## Task description
Could you copy out all of the records below exactly, leaving out every picture?

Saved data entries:
◇ ◇ ◇ ◇

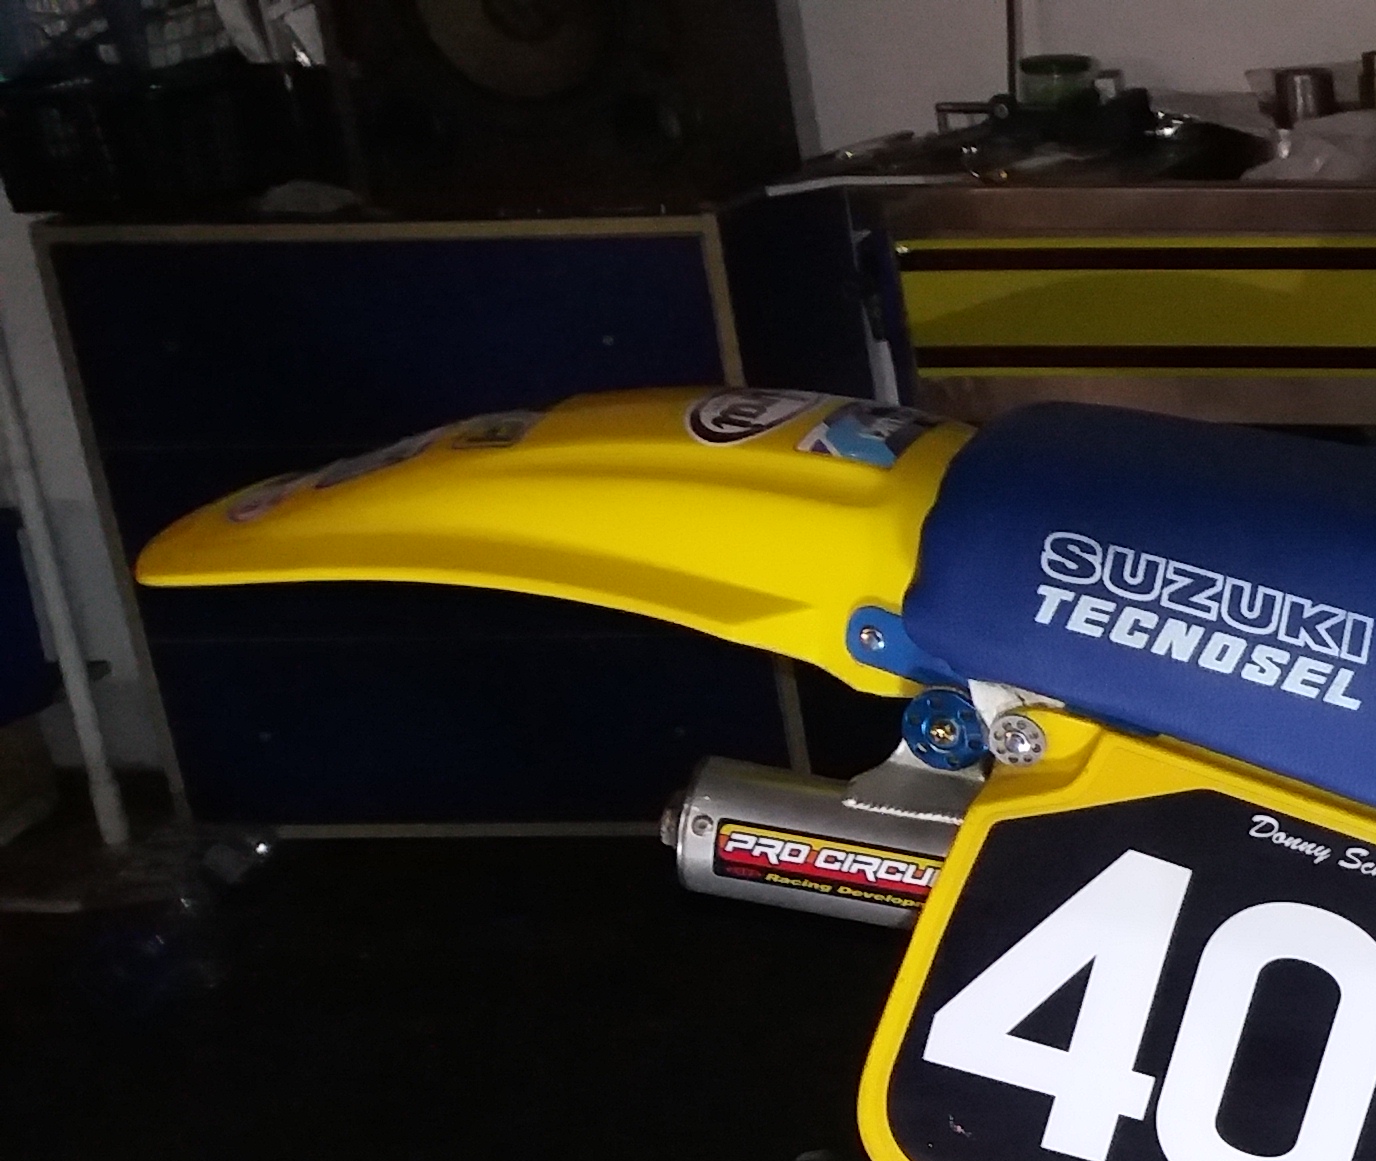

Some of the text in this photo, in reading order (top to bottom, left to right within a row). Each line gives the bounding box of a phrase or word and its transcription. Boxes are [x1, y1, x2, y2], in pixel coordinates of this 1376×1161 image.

[1040, 530, 1375, 665] SUZUKI
[1034, 584, 1363, 711] TECNOSEL
[723, 832, 812, 865] PRO
[1248, 814, 1332, 865] Donny
[764, 873, 833, 893] Racing

◇ ◇ ◇ ◇

## Completed task
Some of the text in this photo, in reading order (top to bottom, left to right within a row). Each line gives the bounding box of a phrase or word and its transcription. Boxes are [x1, y1, x2, y2], in pixel coordinates of this 1376×1161 image.

[1040, 530, 1375, 665] SUZUKI
[1034, 584, 1363, 711] TECNOSEL
[723, 832, 812, 865] PRO
[1248, 814, 1332, 865] Donny
[764, 873, 833, 893] Racing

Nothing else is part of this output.